• Records provided:
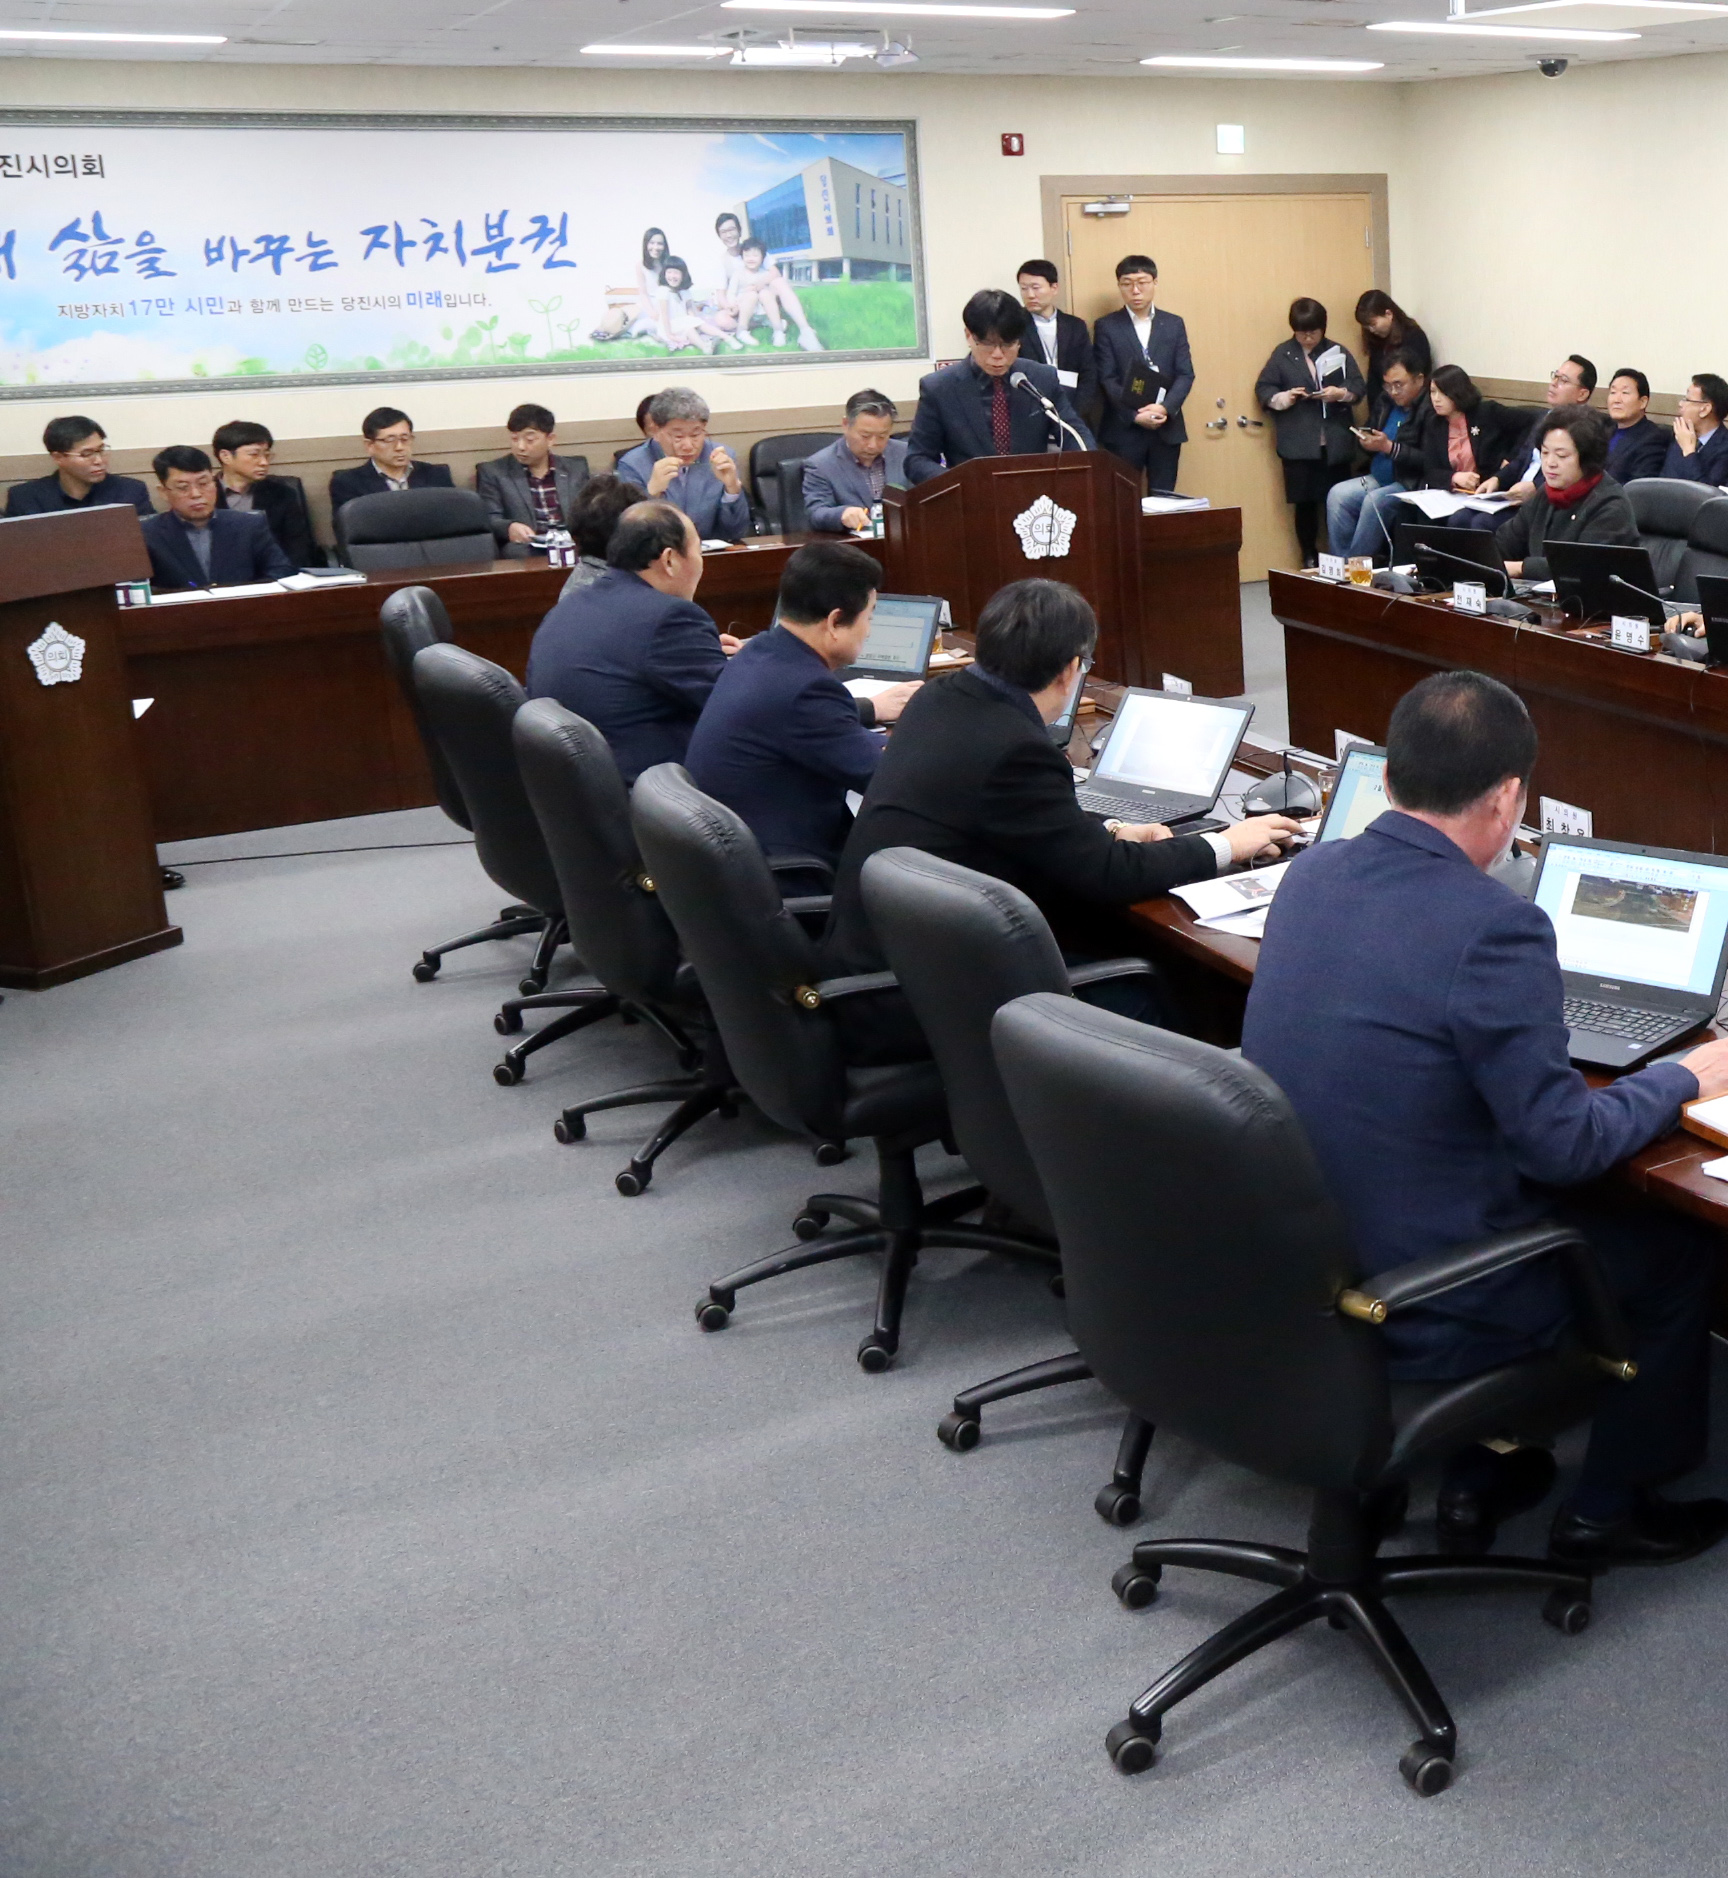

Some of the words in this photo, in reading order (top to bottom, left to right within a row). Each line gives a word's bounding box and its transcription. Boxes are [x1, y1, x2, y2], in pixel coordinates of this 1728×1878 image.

[48, 210, 178, 282] 삶을
[204, 230, 339, 275] 바꾸는
[360, 209, 577, 273] 자치분권
[57, 303, 125, 319] 지방자치
[129, 298, 174, 316] 17만
[185, 296, 243, 316] 시민과
[250, 298, 281, 313] 함께
[288, 297, 334, 313] 만드는
[341, 295, 401, 311] 당진시의

• Work instruction:
Type out the data above once more, exactly, with no images included.

• Solution to this problem:
Some of the words in this photo, in reading order (top to bottom, left to right within a row). Each line gives a word's bounding box and its transcription. Boxes are [x1, y1, x2, y2], in pixel coordinates of this 1728×1878 image.

[48, 210, 178, 282] 삶을
[204, 230, 339, 275] 바꾸는
[360, 209, 577, 273] 자치분권
[57, 303, 125, 319] 지방자치
[129, 298, 174, 316] 17만
[185, 296, 243, 316] 시민과
[250, 298, 281, 313] 함께
[288, 297, 334, 313] 만드는
[341, 295, 401, 311] 당진시의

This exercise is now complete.